Transcribe each line below verbatim; pictures excluded.

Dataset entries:
* * * * *
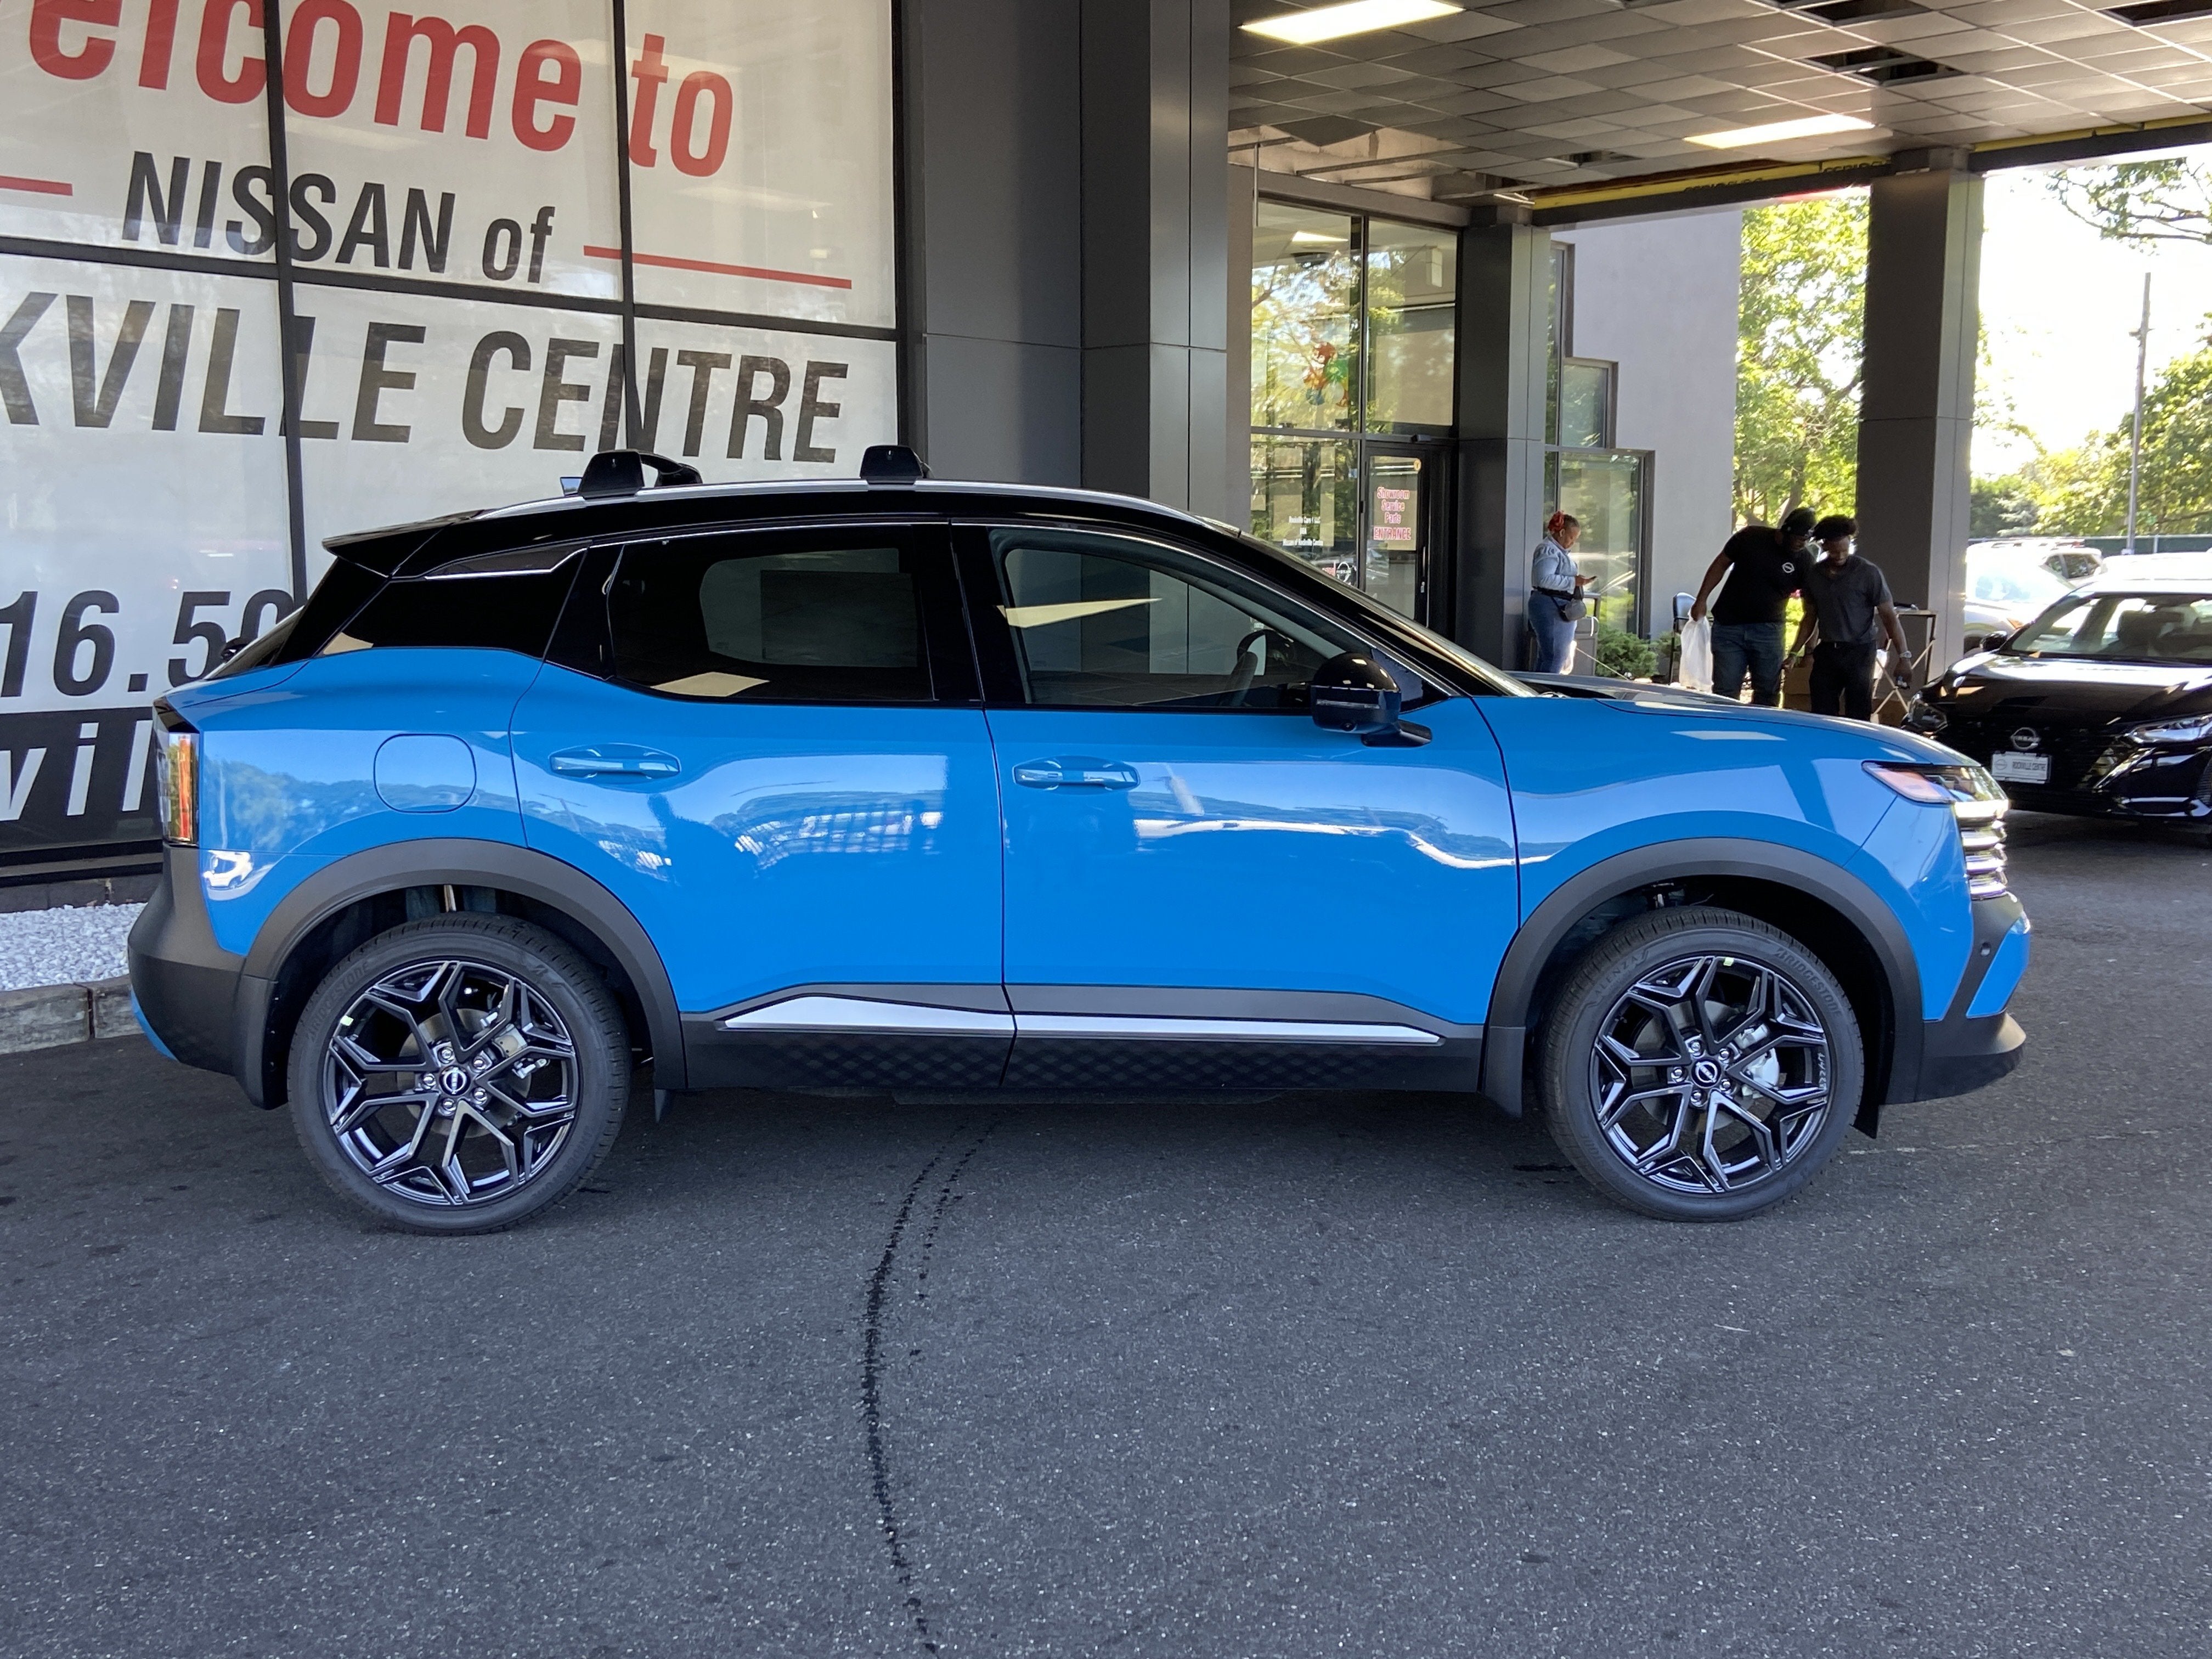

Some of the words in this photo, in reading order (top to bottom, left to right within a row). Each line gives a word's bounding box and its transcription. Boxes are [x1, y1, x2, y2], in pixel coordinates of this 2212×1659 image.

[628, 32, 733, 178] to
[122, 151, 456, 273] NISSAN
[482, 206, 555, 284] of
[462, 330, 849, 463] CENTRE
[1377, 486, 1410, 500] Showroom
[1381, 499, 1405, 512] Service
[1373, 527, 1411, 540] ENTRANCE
* * * * *
OUTPUT FOR THIS TASK ▸
Some of the words in this photo, in reading order (top to bottom, left to right within a row). Each line gives a word's bounding box and its transcription. Boxes are [x1, y1, x2, y2], in pixel coordinates of this 2212×1659 image.

[628, 32, 733, 178] to
[122, 151, 456, 273] NISSAN
[482, 206, 555, 284] of
[462, 330, 849, 463] CENTRE
[1377, 486, 1410, 500] Showroom
[1381, 499, 1405, 512] Service
[1373, 527, 1411, 540] ENTRANCE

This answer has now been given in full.